We are a community diverse in thought and background: the kind of terrain that is never easy to navigate. Take it from my own experience, as I have spent my whole life learning to walk through such terrains--through countries, and communities, and schools that are divided and diverse and marked by difference--so I know how challenging and uncomfortable and sometimes exhausting that process can be--but I also know that it is remarkably rewarding, and powerful, but most of all, necessary.

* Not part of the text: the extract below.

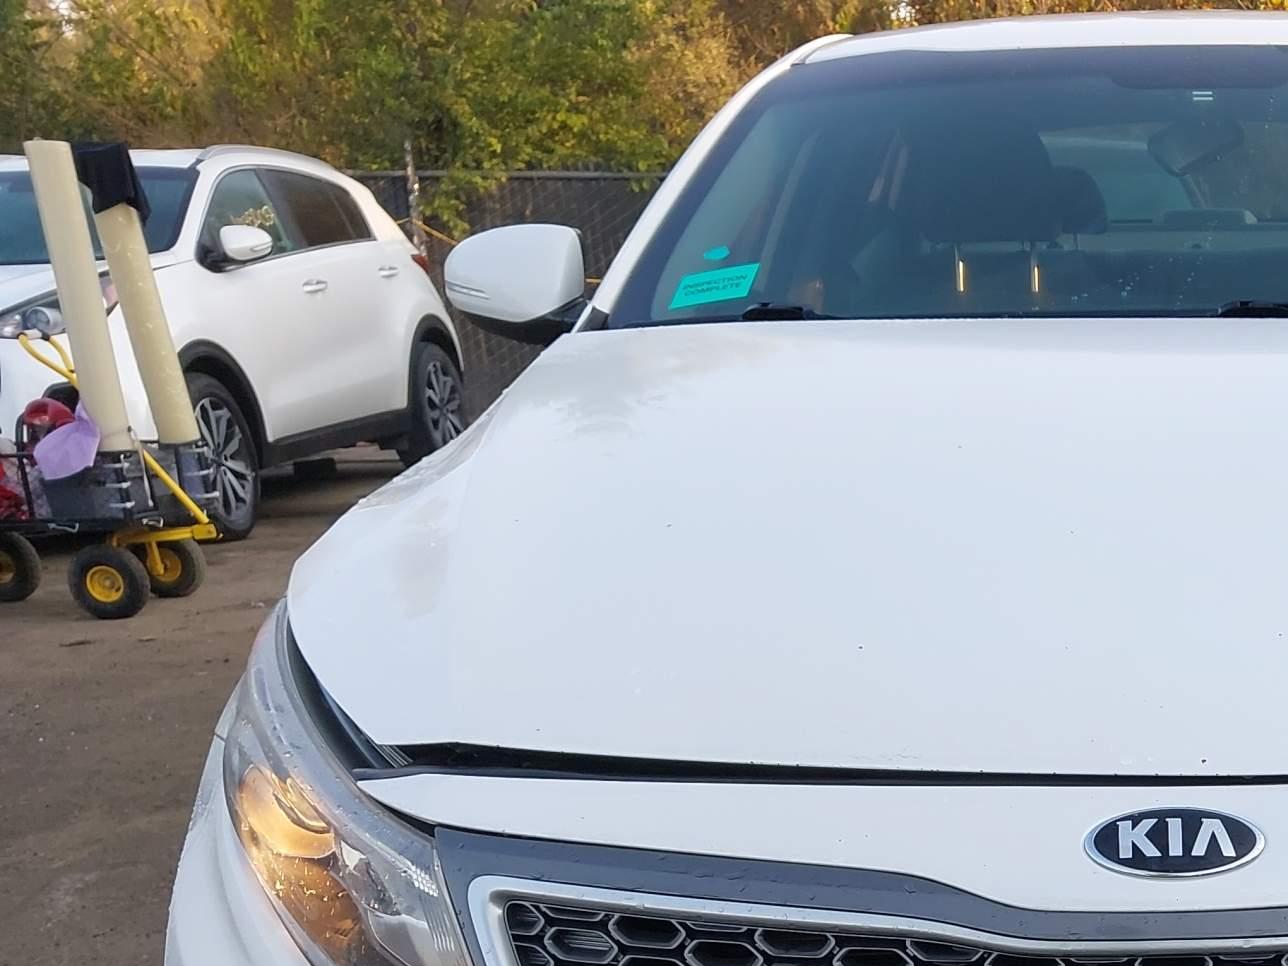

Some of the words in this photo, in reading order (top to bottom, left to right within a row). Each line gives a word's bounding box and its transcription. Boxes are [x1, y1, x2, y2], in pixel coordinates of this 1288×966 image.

I know that graduation speeches are notorious for trying to impart grand messages on a sea of overwhelmed and overheated people, but since this is the first speech of the morning, I decided to go ahead and squeeze one in anyway. As we receive our prestigious Duke degrees this morning, I can't help but be reminded of how small the world continues to get for the educated and elite, while others, both at home and abroad, are forgotten or left behind. Be they Palestinian refugees, trafficked children in Cambodia, or the residents of the lower 9th ward in New Orleans--their voices are not as loud or powerful or influential as ours, so let's not forget to listen for them. None of us were born into a balanced and equitable world. None of our children will be born into such a world either.

But what I ask you to remember is that while we are the lucky ones, we're all in this together. As individuals, as a university, as a community, let us embrace this challenge of becoming invested in each other's security and well-being. Indeed, this is the challenge of the global era and I can't think of a better place to start than at Duke, with Dukies--that awkward and impressive breed of intellect, energy, innovation, and let's face it, a little bit of southern charm. If you Northerners have a hard time shaking off your Southern inflections when you go home, try going back to Europe and pulling out a "y'all" at your high school reunion.

It's not just Duke's Southern charms, becoming a Dukie means that we share a motivation and desire to push ourselves that much further, growing to expect a little more from our potential everyday. While we are struggling with letting go of so many things, let's not forget that we still have this intensity and drive to hold onto and push us towards success in our future lives.

* * *

Just watching people these past few weeks, I've noticed how much tighter you hug people when you're not sure when you'll see them again. Let's face it, it hasn't been easy getting to this day. It hasn't always been easy for the past twenty-plus years and it hasn't been easy the past few weeks.

As students we have been in the graduation daze from the second we put our robes on this morning, if not before: looking at everything around us from buildings to faces with heightened senses, hoping to memorize everything in the hours we have left, forgetting that we have already done so with each day we spent here. We look into our friends' faces and we see ourselves. We see our hopefulness, our excitement, our anticipation, and how much we've grown since arriving here a few short years ago. We can barely articulate how we feel but its ok because we know and that's enough.

Our parents have been waiting and dreading this moment since we were born. When we left for college, they knew that we were still kids at heart. Now they look at the young men and women we've become and find themselves as speechless as we are. For lack of words, just turn around and blow your parents a kiss, give them a wave; it's Mother's Day after all, and they know the gratitude and love that these simple gestures mean today.

Our families held us up when we were learning to walk, while we were learning to become adults, and amidst the uncertainties of moving on, they once again become our ground and the arms that keep us steady. The best friends we've made have become our family too and they will be with us through this uncertainty and others.

For now, savor the goodbyes and welcome the new beginnings and remember that four years ago, we were doing the same exact thing--and everything has turned out fine.